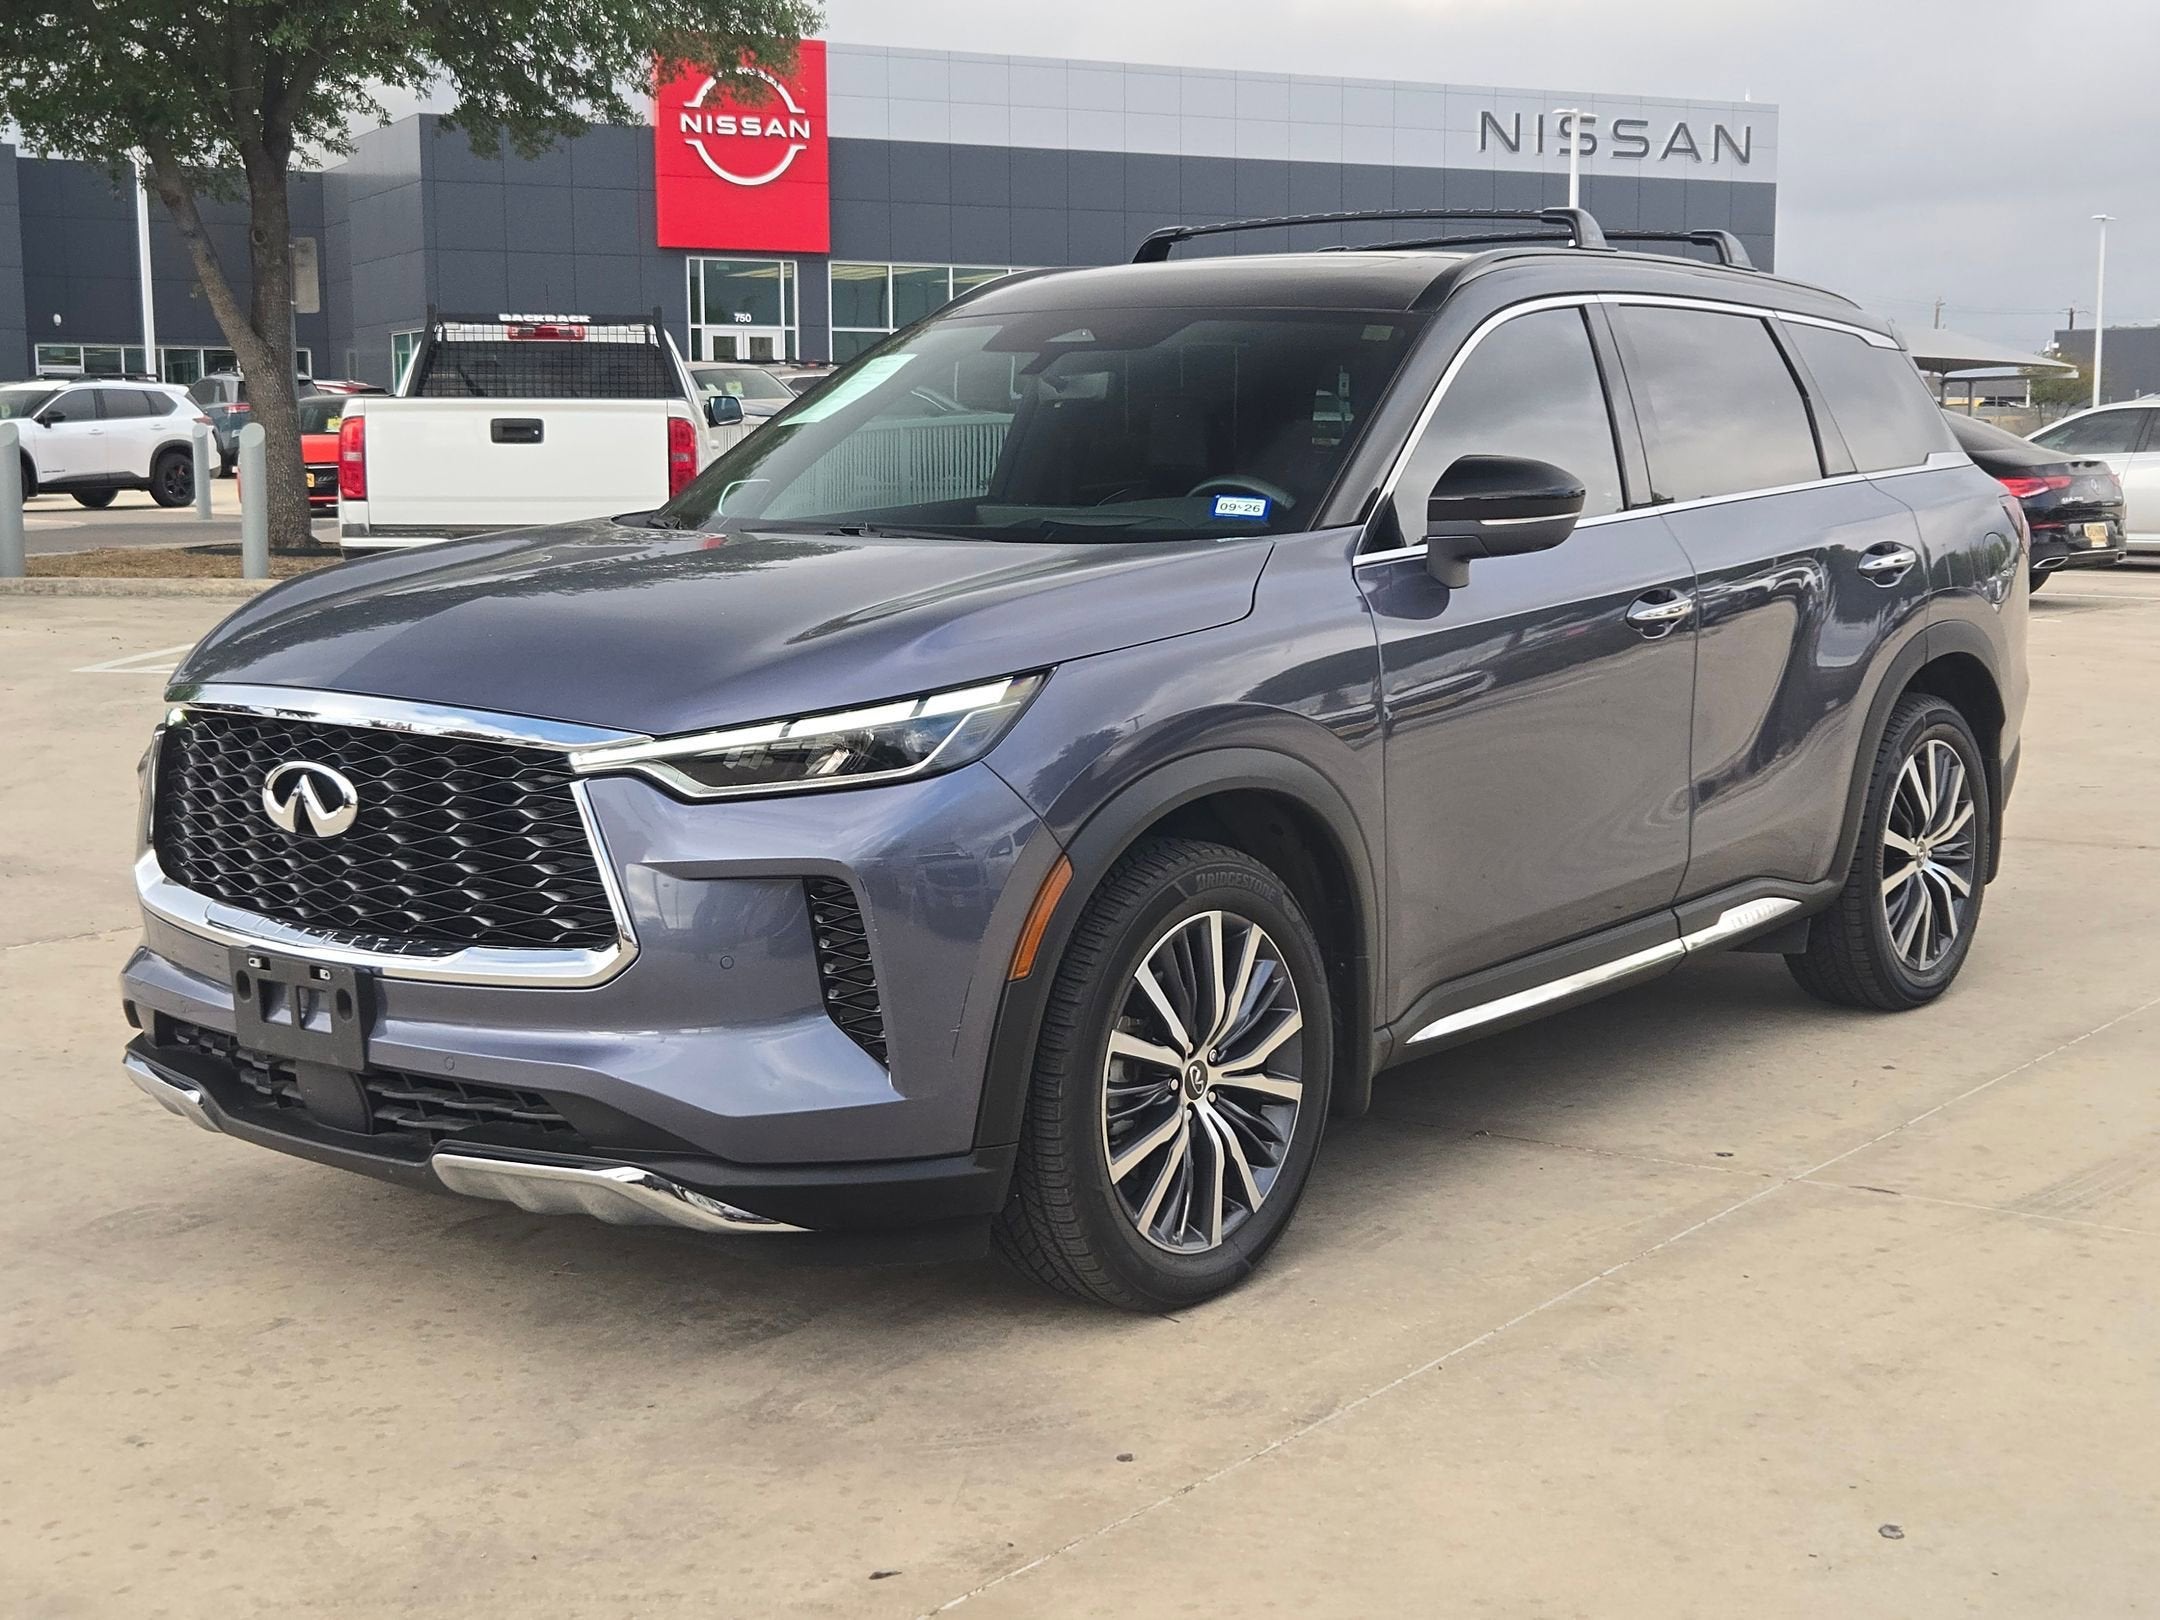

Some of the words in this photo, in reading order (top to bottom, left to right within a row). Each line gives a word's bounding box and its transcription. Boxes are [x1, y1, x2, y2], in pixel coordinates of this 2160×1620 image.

[680, 112, 811, 139] NISSAN
[1479, 110, 1752, 165] NISSAN
[498, 313, 592, 323] BACKRACK
[734, 312, 752, 323] 750
^^^^^^^^
[What needs to be done] Produce the data again character for character, with the images left out.

[Result of this exercise]
Some of the words in this photo, in reading order (top to bottom, left to right within a row). Each line gives a word's bounding box and its transcription. Boxes are [x1, y1, x2, y2], in pixel coordinates of this 2160×1620 image.

[680, 112, 811, 139] NISSAN
[1479, 110, 1752, 165] NISSAN
[498, 313, 592, 323] BACKRACK
[734, 312, 752, 323] 750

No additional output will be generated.